Réunis autour du traditionnel « Apéro » Alain Lambret, animateur de notre section souhaite la bienvenue à tous et fait le bilan de nos initiatives militantes.
Notre nouveau sénateur de gauche Pierre Barros confirme sa volonté d’agir au service des Valdoisiens attentif et porteur de nos luttes locales.
Catherine Delprat, maire d’Ecouen, évoque la montée des difficultés et de la précarité des familles qu’elle accueille à ses permanences.

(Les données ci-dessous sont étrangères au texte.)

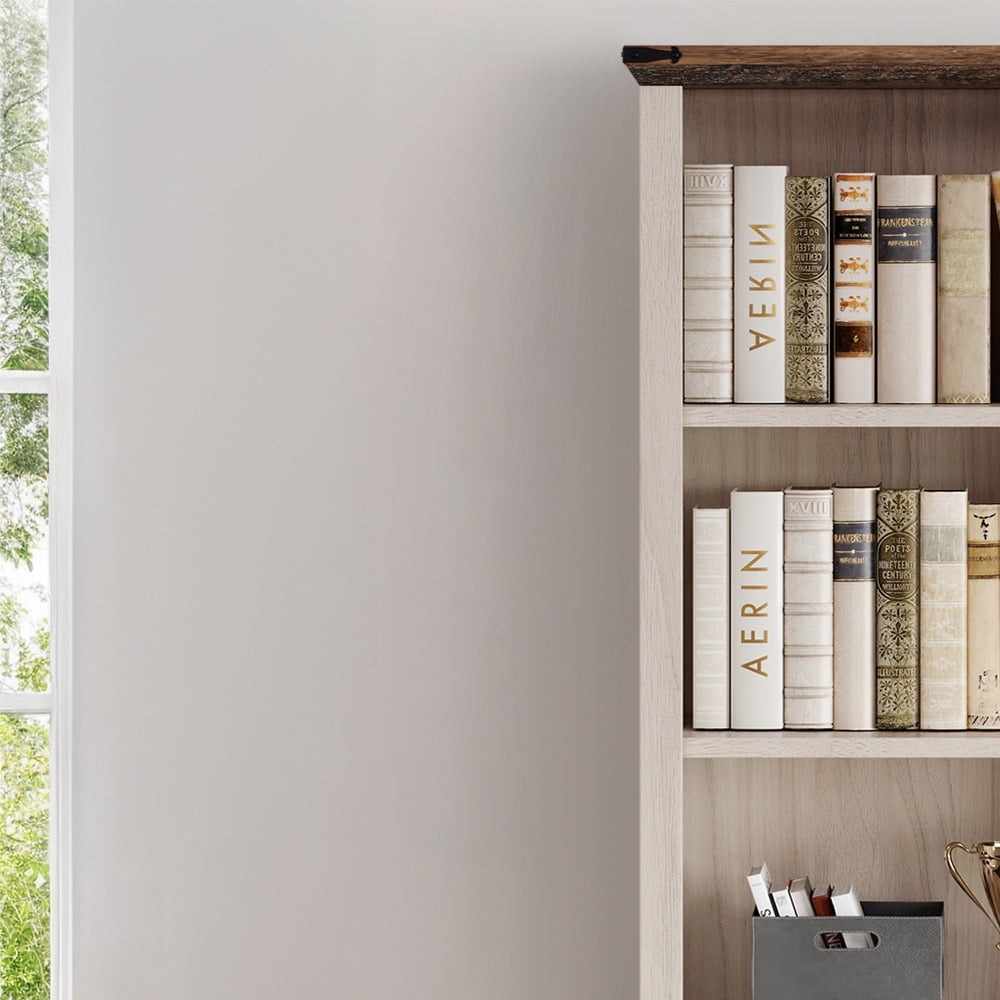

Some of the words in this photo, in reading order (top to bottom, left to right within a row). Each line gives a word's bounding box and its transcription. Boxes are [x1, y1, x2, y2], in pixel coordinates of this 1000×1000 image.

[787, 501, 827, 515] XVIII
[884, 544, 911, 553] POETS
[882, 570, 913, 580] CENTURY
[741, 550, 769, 677] AERIN
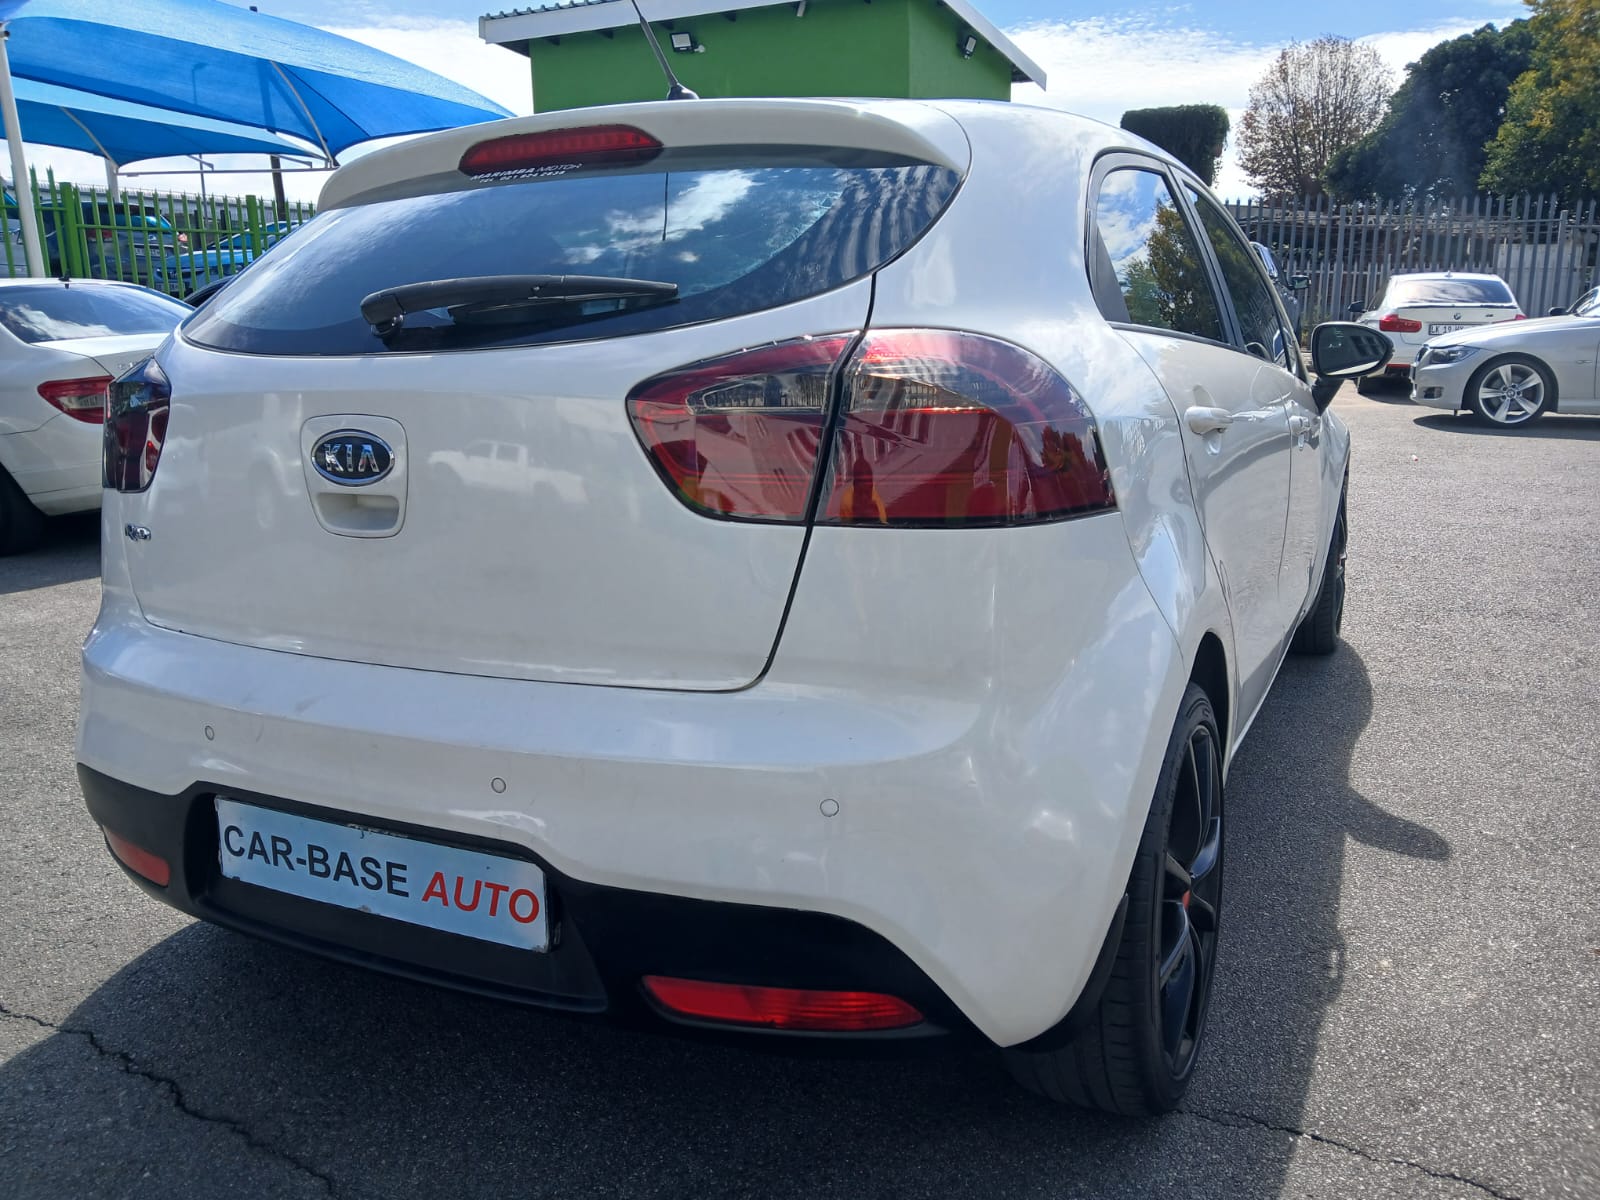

Cécile Dumas, secrétaire départementale du PCF et conseillère régionale explique sa détermination face à la politique de Pécresse de privatisation des transports publiques et d’augmentation du pass-Navigo.
Nos camarades enseignantes, Mina et Zoulikha expriment leur colère concernant la rentrée scolaire :Les ministres changent mais les problèmes s’aggravent.

Les conversations se poursuivent autour du buffet. Les enfants jouent dans l’ ambiance musicale et amicale. Le tirage au sort de la tombola fait six heureux.ses qui pourront retirer leurs lots à la ressourcerie de l’association » Zéro chômeurs longue durée « de Bouffémont.

Une vidéo explique les questions de l’inflation et du pouvoir d’achat et lance le débat. La parole se libère. De nombreuses réactions et témoignages confirment les difficultés accrues pour faire face au cout de la vie dramatique pour les plus modestes et les plus précaires, soulignant l’inaction du gouvernement. Une pétition circule, des participants s’engagent à manifester le 13 Octobre prochain.
La lutte continue et notre fête conviviale et politique nous donne de nouvelles forces.

Action du 06 septembre 2023

Action du 06 septembre 2023

Mercredi 6 septembre 2023 à 8h30 du matin, de très nombreux militants syndicaux se sont retrouvés devant la gendarmerie de Montmorency pour soutenir notre camarade Sébastien Menesplier, Secrétaire Général de la Fédération CGT des Mines et de l’Energie qui était convoqué pour être entendu par les gendarmes.

La raison : ce sont les actions menées par les électriciens et les gaziers au cours du 1er semestre de cette année contre le projet de loi pour la retraite à 64 ans et plus particulièrement celle du 8 mars à Annonay (fief d’Olivier Dussopt).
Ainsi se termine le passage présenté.